#### What is needed
Note each line in the data below that holds "KAPPELN", and copy it.

Records shown Start Marker

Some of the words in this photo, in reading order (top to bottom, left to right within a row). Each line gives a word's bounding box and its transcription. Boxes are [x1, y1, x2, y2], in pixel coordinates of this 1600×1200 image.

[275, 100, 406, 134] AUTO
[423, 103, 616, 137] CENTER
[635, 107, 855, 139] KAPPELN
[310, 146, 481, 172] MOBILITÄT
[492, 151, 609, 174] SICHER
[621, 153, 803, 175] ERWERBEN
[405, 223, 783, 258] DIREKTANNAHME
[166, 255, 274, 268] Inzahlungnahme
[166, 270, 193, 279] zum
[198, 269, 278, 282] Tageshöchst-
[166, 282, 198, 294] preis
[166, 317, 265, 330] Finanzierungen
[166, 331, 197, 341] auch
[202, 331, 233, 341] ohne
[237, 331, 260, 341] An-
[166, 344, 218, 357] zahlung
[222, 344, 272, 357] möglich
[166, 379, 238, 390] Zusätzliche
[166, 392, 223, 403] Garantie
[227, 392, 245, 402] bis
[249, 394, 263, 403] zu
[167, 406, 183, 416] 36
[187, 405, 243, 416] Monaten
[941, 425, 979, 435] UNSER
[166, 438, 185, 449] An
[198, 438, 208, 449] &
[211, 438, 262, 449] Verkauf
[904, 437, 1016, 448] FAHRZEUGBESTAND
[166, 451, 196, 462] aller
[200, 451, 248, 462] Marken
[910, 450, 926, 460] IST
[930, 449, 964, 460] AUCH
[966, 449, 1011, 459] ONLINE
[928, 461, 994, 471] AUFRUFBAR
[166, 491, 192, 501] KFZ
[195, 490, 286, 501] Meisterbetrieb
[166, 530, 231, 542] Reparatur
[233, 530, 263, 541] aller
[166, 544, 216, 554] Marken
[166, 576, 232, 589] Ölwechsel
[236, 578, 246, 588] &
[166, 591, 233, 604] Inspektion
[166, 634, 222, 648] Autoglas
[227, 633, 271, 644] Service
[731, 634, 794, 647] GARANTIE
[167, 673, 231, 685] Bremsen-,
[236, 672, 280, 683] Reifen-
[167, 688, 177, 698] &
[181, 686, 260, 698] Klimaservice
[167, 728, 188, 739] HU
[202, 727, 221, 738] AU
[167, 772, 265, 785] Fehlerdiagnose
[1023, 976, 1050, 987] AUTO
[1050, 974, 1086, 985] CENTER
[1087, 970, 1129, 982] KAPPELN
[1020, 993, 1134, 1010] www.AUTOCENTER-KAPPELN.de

Records shown End Marker

#### Reply
[635, 107, 855, 139] KAPPELN
[1087, 970, 1129, 982] KAPPELN
[1020, 993, 1134, 1010] www.AUTOCENTER-KAPPELN.de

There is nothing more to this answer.